It’s no surprise that one of the biggest issues across the pregnancy and postpartum experience is sleep deprivation. We’ve all been told to “sleep now” by well-wishing friends and family members during pregnancy, though many sleep issues actually surface before the baby even arrives. (Hello back pain, swelling and nausea!)
Once our babies enter the chat, it’s a whole other can of worms. Whether our infants are sleeping with siblings, sleeping exclusively in our arms, or not sleeping at all, the sleep issue is precisely what new parents are busy losing sleep over. So we brought in Dr. Maristella Luccihini, senior clinical researcher at Nanit, to help save our super exhausted, slightly cranky community of new parents with their most burning questions around pre and postnatal sleep. Because the research shows that sleep success goes beyond a happy baby. It means happier parents and happier families.

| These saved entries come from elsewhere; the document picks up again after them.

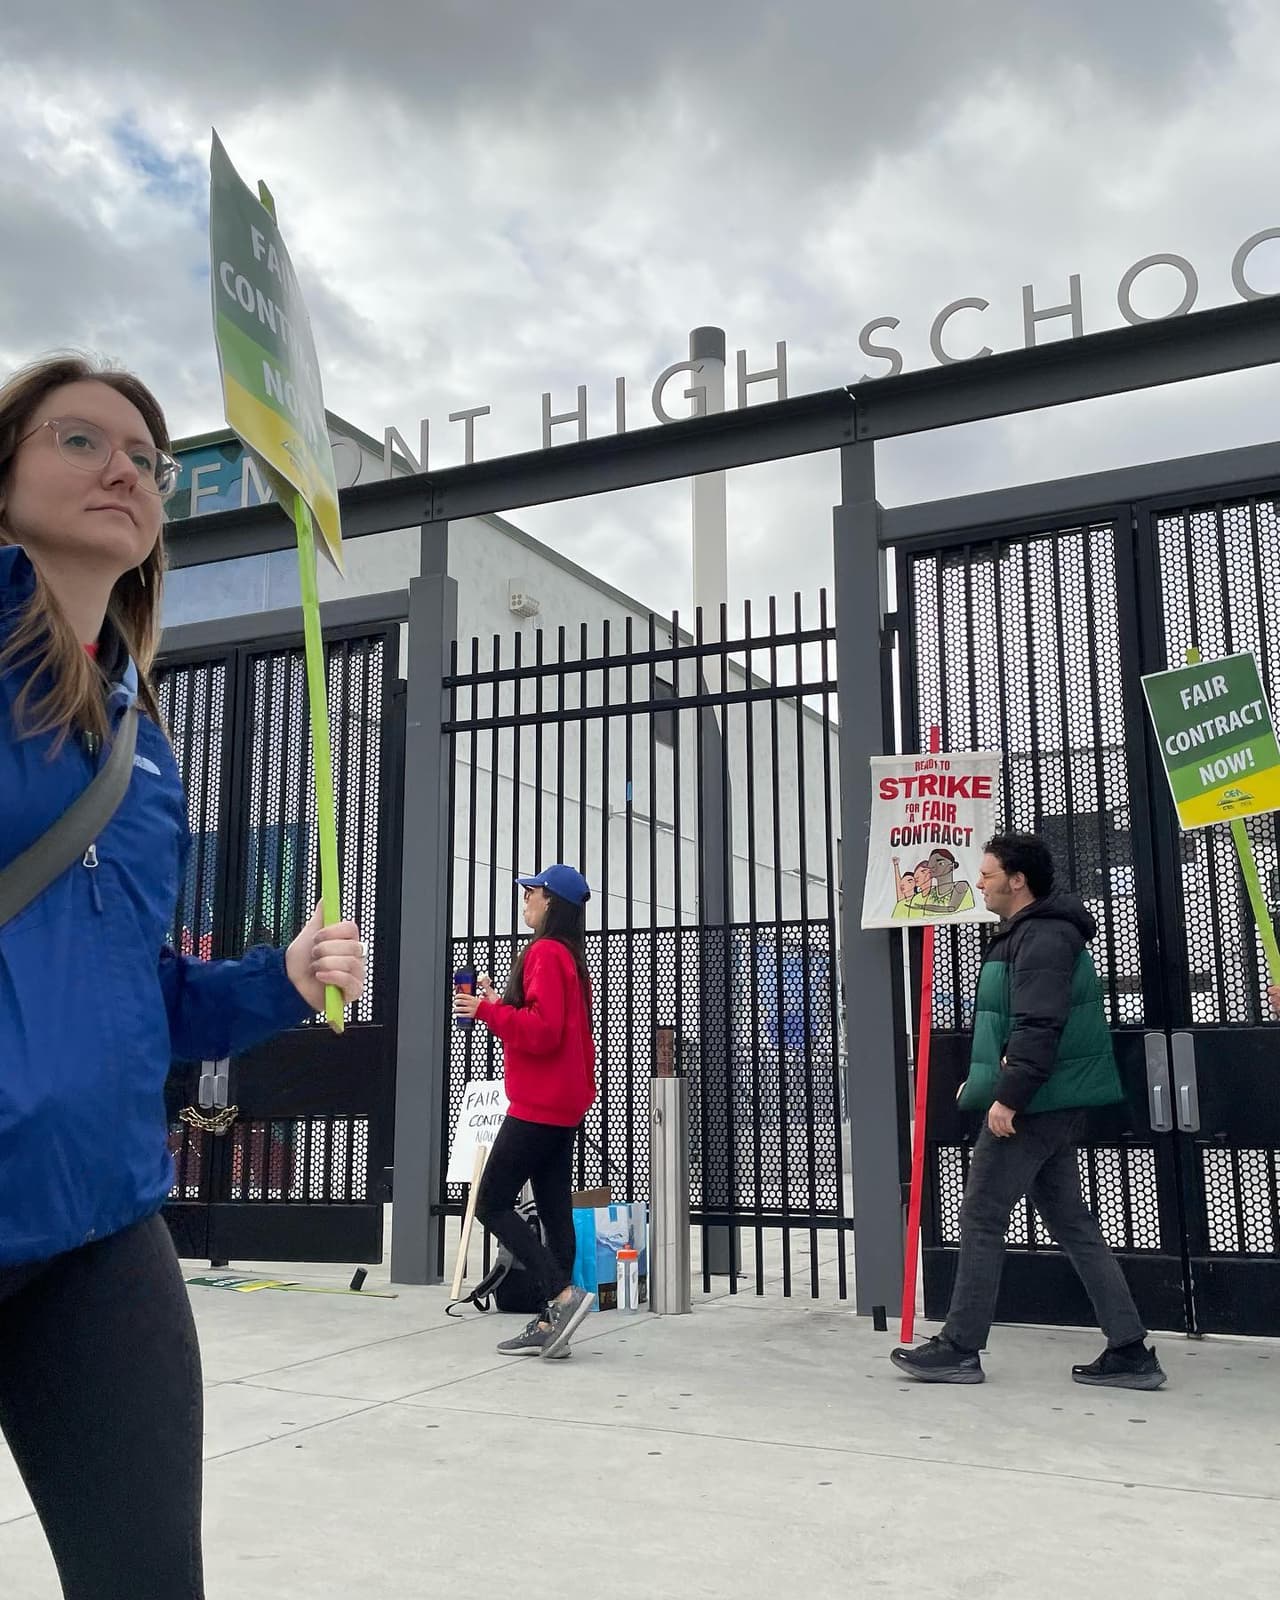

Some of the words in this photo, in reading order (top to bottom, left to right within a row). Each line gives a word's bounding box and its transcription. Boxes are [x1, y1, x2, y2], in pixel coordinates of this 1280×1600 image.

[541, 341, 787, 449] HIGH
[1180, 675, 1229, 711] FAIR
[1165, 699, 1263, 756] CONTRACT
[914, 758, 937, 772] READY
[939, 760, 950, 771] TO
[1199, 747, 1256, 786] NOW!
[879, 774, 992, 800] STRIKE
[905, 803, 919, 814] FOR
[909, 814, 915, 823] A
[922, 801, 957, 823] FAIR
[890, 823, 973, 848] CONTRACT
[466, 1090, 500, 1111] FAIR
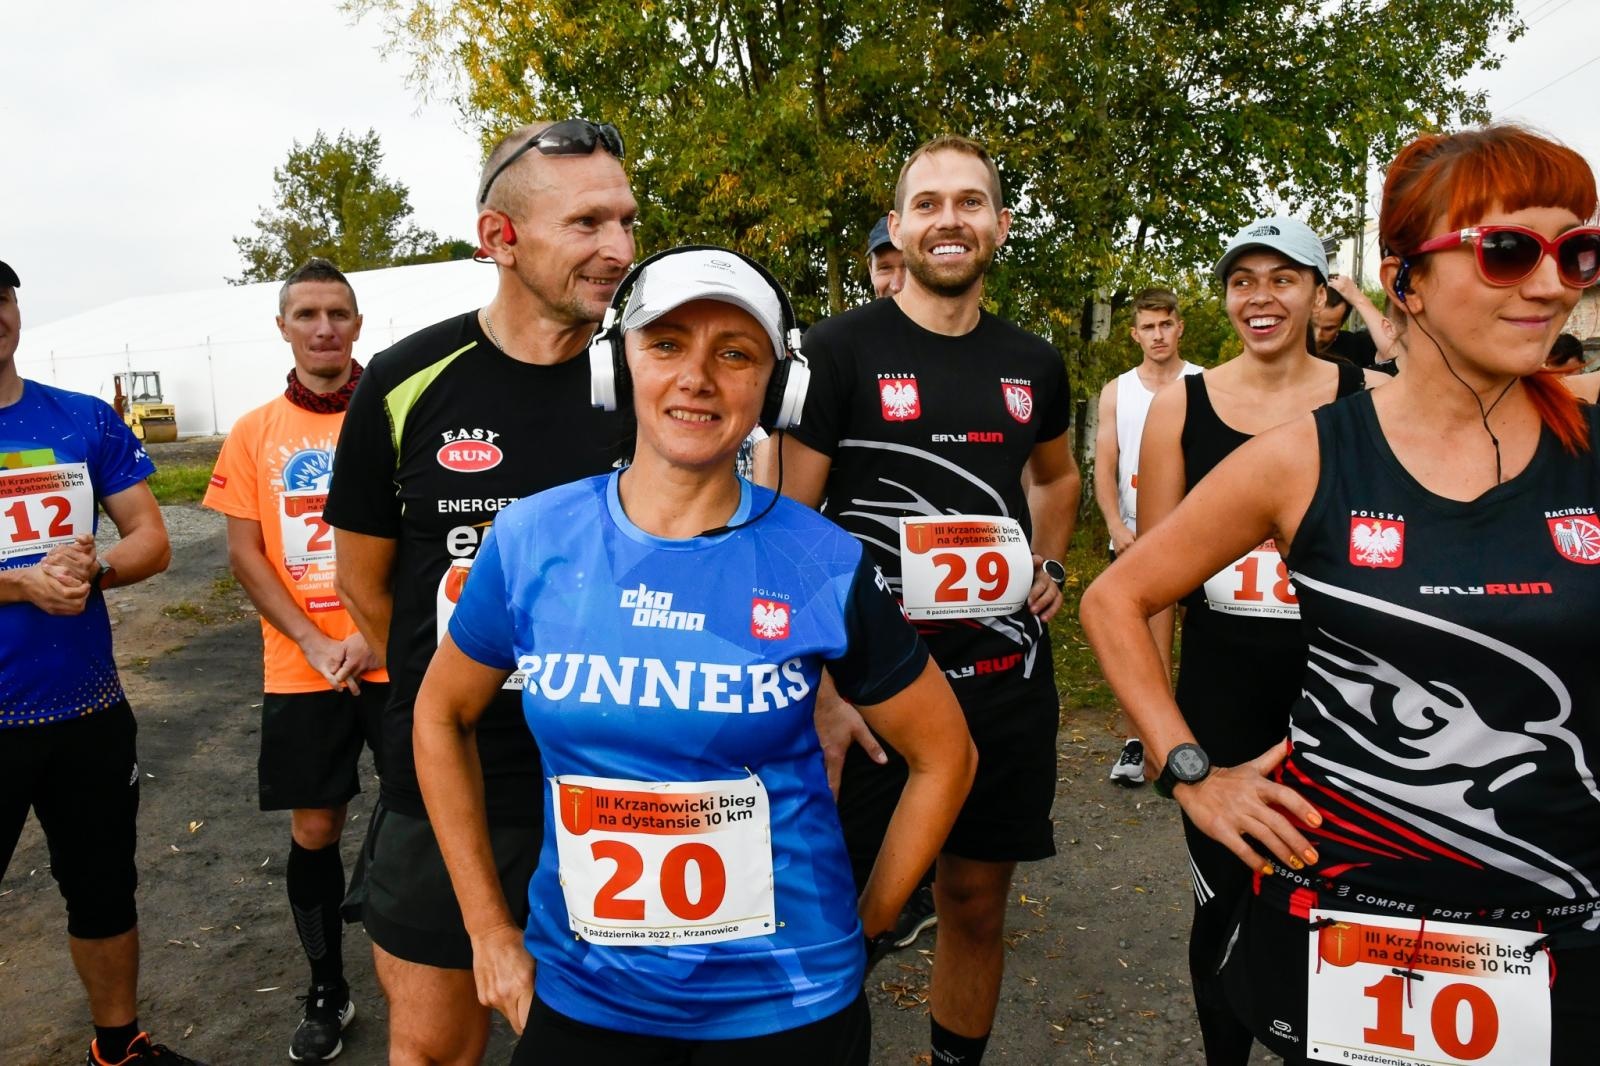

Q: I wake up every night around 4:00 am and can rarely get back to sleep. My baby is 10 months old and is sleeping wonderfully. I’m assuming it’s because I was waking up with him so often before we did sleep training. I struggle to fall asleep and stay asleep throughout the night. Any suggestions for the parents to establish healthy sleep patterns once their little one is sleeping through the night?
A: I get it! That can be very frustrating. You feel like finally you have the opportunity to catch up on all the sleep you’ve lost, but your body seems to refuse. I think there are a few ways to tackle this.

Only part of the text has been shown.